Bila perekonomian melambat, Bank Indonesia perlu mengeluarkan kebijakan makroprudensial yang akomodatif dengan melonggarkan ketentuan LTV kredit atau FTV (Finance to Value) pembiayaan properti dan kendaraan bermotor. Dengan kata lain, menurunkan porsi DP bila ingin mendapatkan kredit rumah atau mobil dari bank.

Apabila tidak ada yang mengatur laju percepatan dan perlambatan ekonomi ini, maka akan terjadi overheating atau resesi. Untuk itu, masyarakat sebagai satuan unit rumah tangga, perlu memahami perannya sebagai aktor ekonomi, baik sebagai nasabah, investor atau konsumen.

Cara Cerdas Kelola Finansial di Masa Pandemi

Di masa pandemi ini, ada banyak korporasi dan UMKM yang terkena dampak negatif akibat COVID-19. Perusahaan mulai banyak mem-PHK karyawannya, memotong gaji serta tunjangan demi keberlangsungan operasional perusahaan. Keputusan ini, mau tak mau menyebabkan perubahan perilaku sosial dan mentalitas di masyarakat.

Namun, mari kita cermati bersama bahwa ada banyak pula korporasi dan UMKM yang selamat dan bahkan untung berkali lipat di era pandemi ini. Tentu saja ada poin yang menjadi pembeda. Untuk itu, mari kita belajar dari para economic suvivor yang meski harus jatuh, mereka mampu untuk bangkit dan bertahan di era yang tidak pasti ini.

1. Cerdas Berpikir

Ada 2 skill utama yang memengaruhi kualitas ketahanan individu di masa krisis, yakni computational skill (kemampuan berpikir secara logis dan melakukan sesuatu based on data) dan skill to restart (kemampuan memulai dari awal). Dua kemampuan ini mampu menciptakan preparedness saat krisis datang. Sayangnya, tak semua individu mau menerapkan keduanya, terlebih bagi mereka yang berada di titik comfort zone karena rasa nyaman telah mematikan daya juang dan menumbuhkan ego yang membuat enggan untuk bersusah payah lagi.

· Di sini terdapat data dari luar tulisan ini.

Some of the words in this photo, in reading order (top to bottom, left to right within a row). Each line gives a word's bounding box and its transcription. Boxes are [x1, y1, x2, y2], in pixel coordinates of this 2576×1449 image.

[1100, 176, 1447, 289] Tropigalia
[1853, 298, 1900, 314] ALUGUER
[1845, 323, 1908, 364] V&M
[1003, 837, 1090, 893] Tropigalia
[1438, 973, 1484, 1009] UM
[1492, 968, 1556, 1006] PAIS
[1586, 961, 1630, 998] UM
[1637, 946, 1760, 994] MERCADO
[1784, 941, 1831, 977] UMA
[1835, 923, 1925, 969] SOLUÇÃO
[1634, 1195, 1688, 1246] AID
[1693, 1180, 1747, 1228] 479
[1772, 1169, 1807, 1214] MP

Untuk itu, ubahlah cara berpikir dengan melakukan sesuatu berdasarkan data, membaca perkembangan zaman, terbuka dengan peluang yang ada, serta mau untuk memulai lagi dari awal.

2. Cerdas Kelola Emosi

Kemerosotan ekonomi secara masif dan tiba-tiba menyebabkan ketidaksiapan di semua lini. Perubahan situasi spontan seperti ini, apabila tidak dibekali dengan ilmu, akan menyebabkan situasi semakin runyam. Tak sedikit di antara masyarakat terkena stres dan melampiaskan emosinya dengan cara tak bijak seperti penggunaan obat-obatan terlarang, melakukan tindak KDRT hingga berujung perceraian.

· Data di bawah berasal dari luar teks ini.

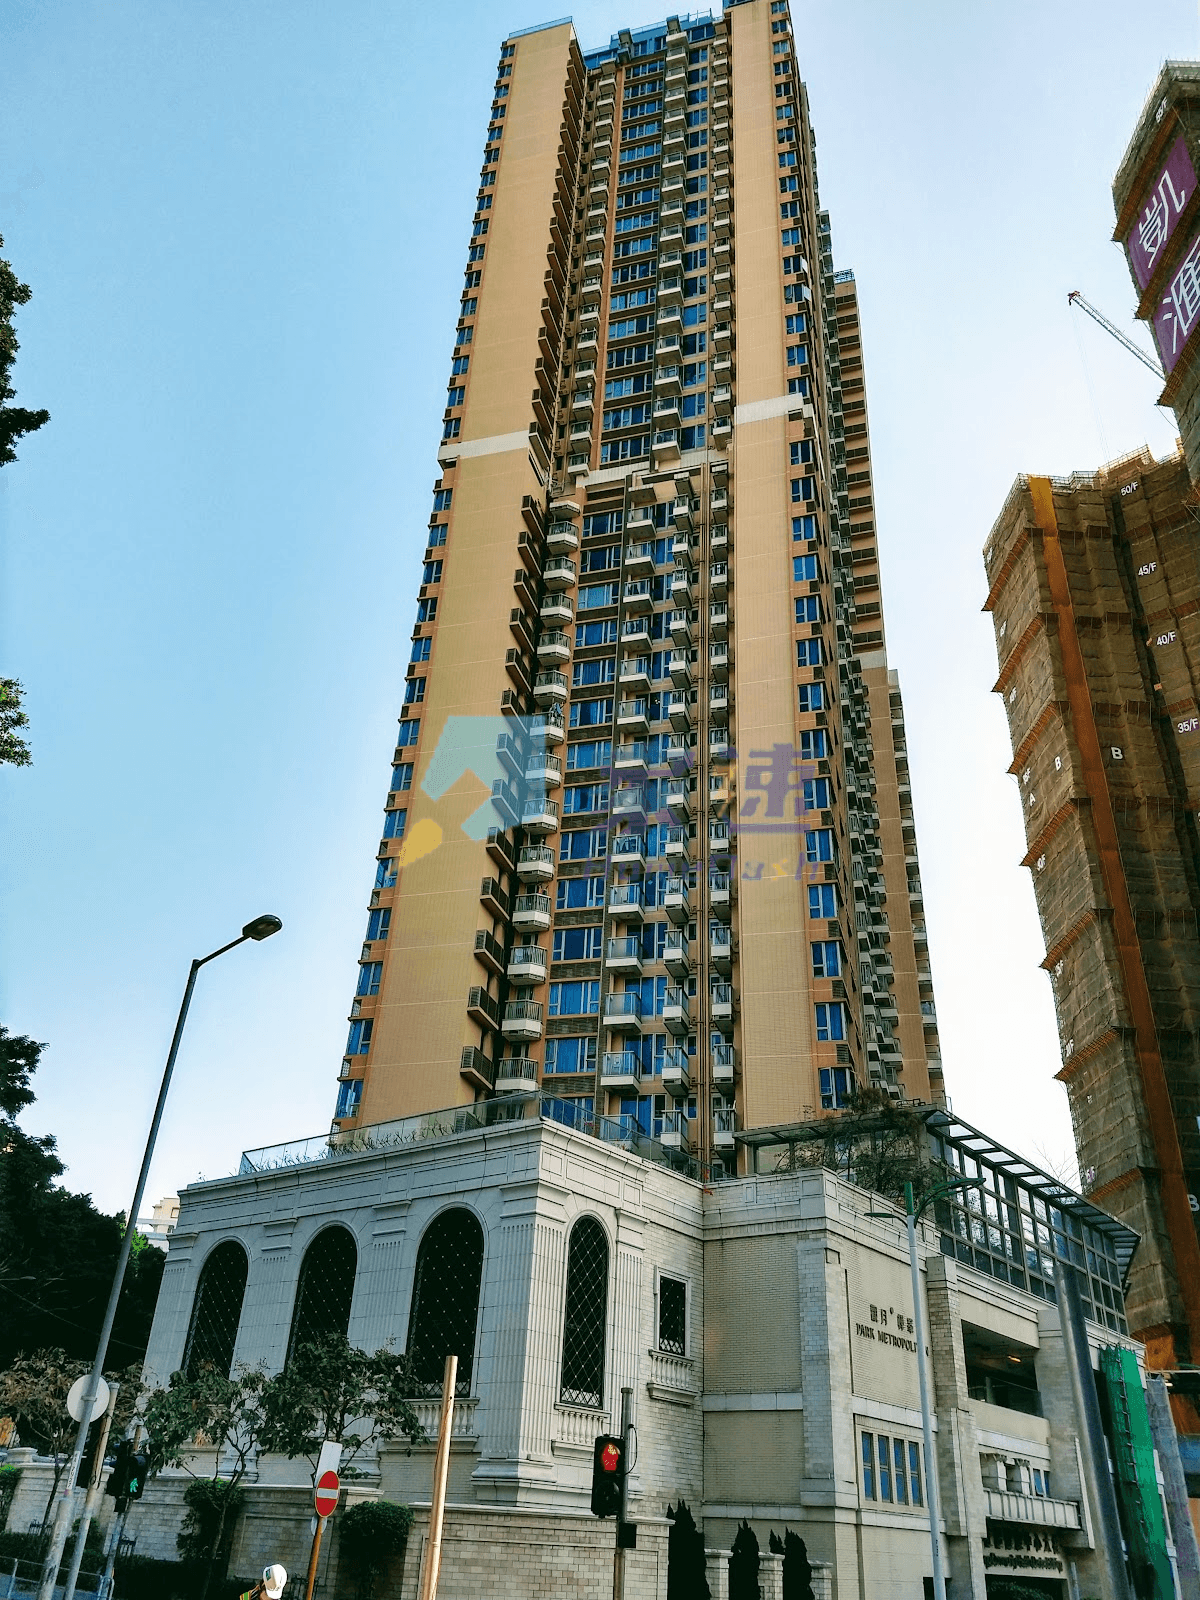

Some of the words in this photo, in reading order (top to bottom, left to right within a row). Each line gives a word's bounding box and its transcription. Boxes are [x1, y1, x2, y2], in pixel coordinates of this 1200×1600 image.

[1120, 481, 1139, 496] 50/F
[1137, 561, 1157, 576] 45/F
[1156, 631, 1177, 646] 40/F
[1177, 718, 1199, 733] 35/F
[1110, 746, 1123, 760] B
[855, 1322, 875, 1340] PARK

Menurut hasil survei daring Badan Kependudukan dan Keluarga Berencana Nasional (BKKBN), 95% keluarga dilaporkan stres akibat pandemi. Selain itu, Komnas Perempuan merilis data pengaduan kekerasan pada perempuan yang berjumlah sekitar 500 kasus hingga April 2020. Bahkan di Jepang, istilah コロナ離婚 (corona rikon/perceraian korona) menjadi tren dari banyak pasangan di negeri ini.

Langkah terbaik untuk menghindari stres adalah dengan membuat hati gembira dan tenang. Bisa dengan maraton serial drama atau talkshow favorit, bermain game daring, olahraga, bermain musik, menulis, menyulam atau membaca sepuasnya. Ada banyak hobi yang bisa ditekuni termasuk berselancar di dunia maya untuk mencari inspirasi. Mumpung diminta rebahan di rumah, maksimalan waktu tersebut. Dan yang tak kalah penting, beribadah dan selalu meminta pertolongan pada-Nya, berbincang dengan sahabat atau meminta bantuan profesional.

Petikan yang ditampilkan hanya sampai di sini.